Work item:
Please restate each line of the data below exactly. Omit all images.

------ Input material

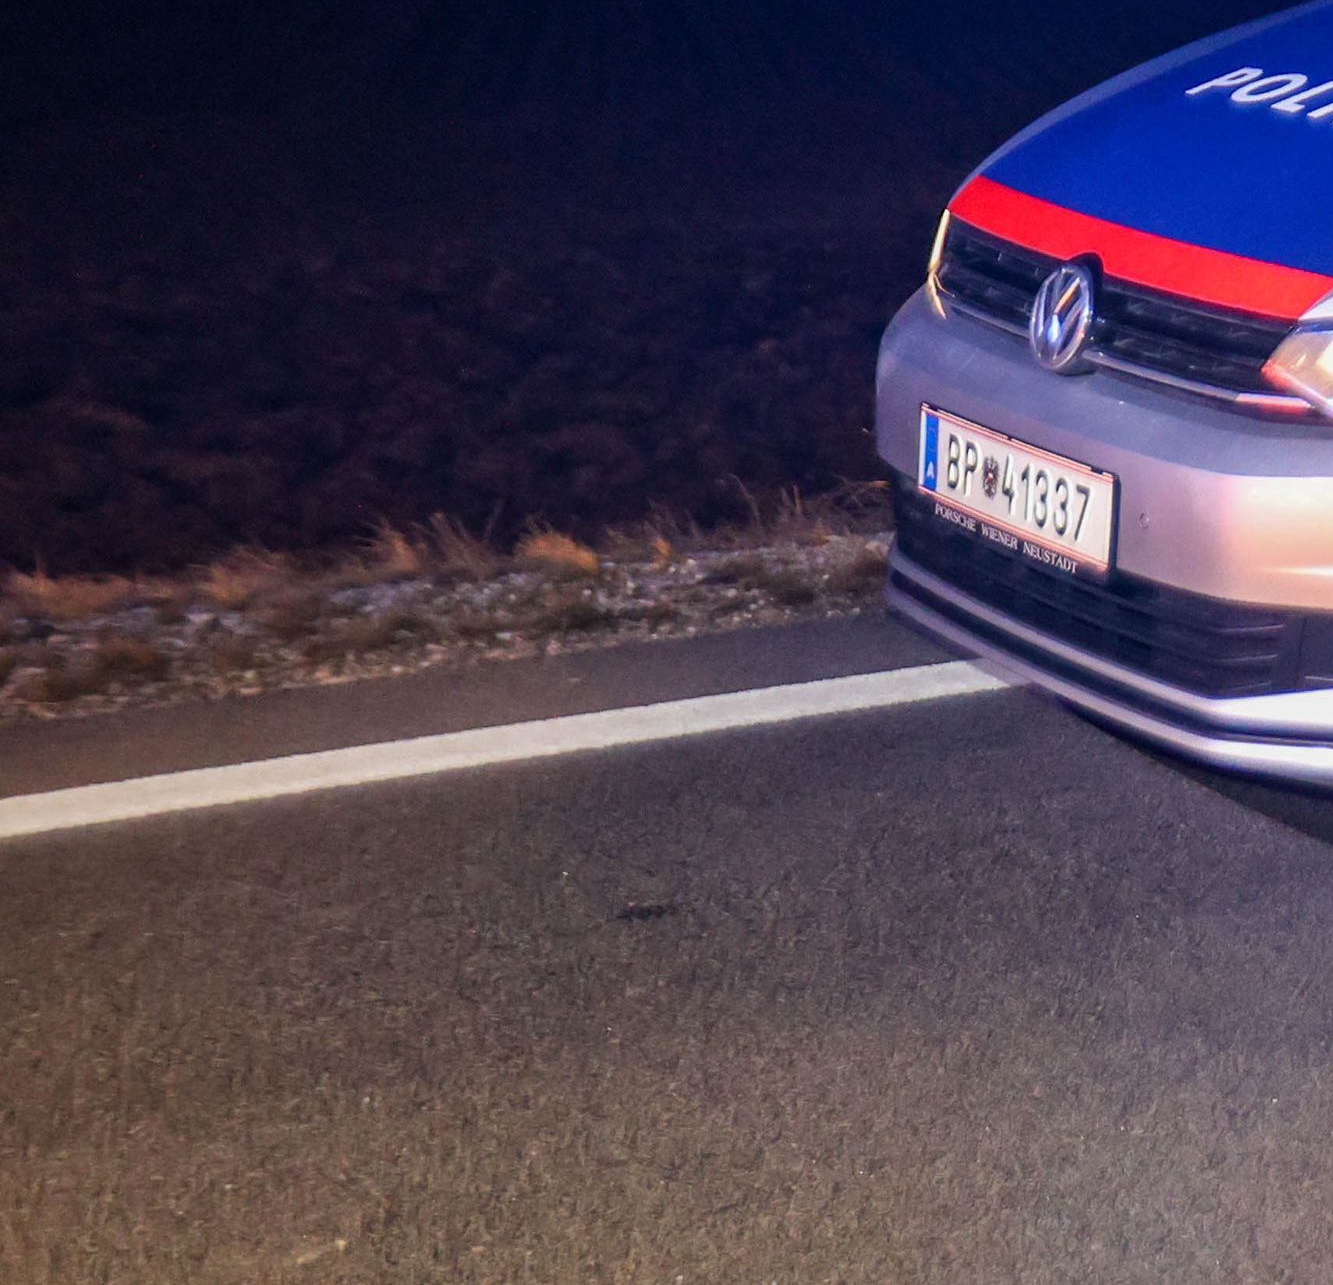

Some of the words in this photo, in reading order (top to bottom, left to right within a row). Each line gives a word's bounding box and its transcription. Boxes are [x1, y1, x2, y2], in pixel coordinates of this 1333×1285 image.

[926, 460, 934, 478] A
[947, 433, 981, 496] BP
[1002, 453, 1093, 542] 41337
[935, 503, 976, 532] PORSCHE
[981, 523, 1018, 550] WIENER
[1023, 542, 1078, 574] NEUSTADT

------------

Answer to the problem:
Some of the words in this photo, in reading order (top to bottom, left to right within a row). Each line gives a word's bounding box and its transcription. Boxes are [x1, y1, x2, y2], in pixel coordinates of this 1333×1285 image.

[926, 460, 934, 478] A
[947, 433, 981, 496] BP
[1002, 453, 1093, 542] 41337
[935, 503, 976, 532] PORSCHE
[981, 523, 1018, 550] WIENER
[1023, 542, 1078, 574] NEUSTADT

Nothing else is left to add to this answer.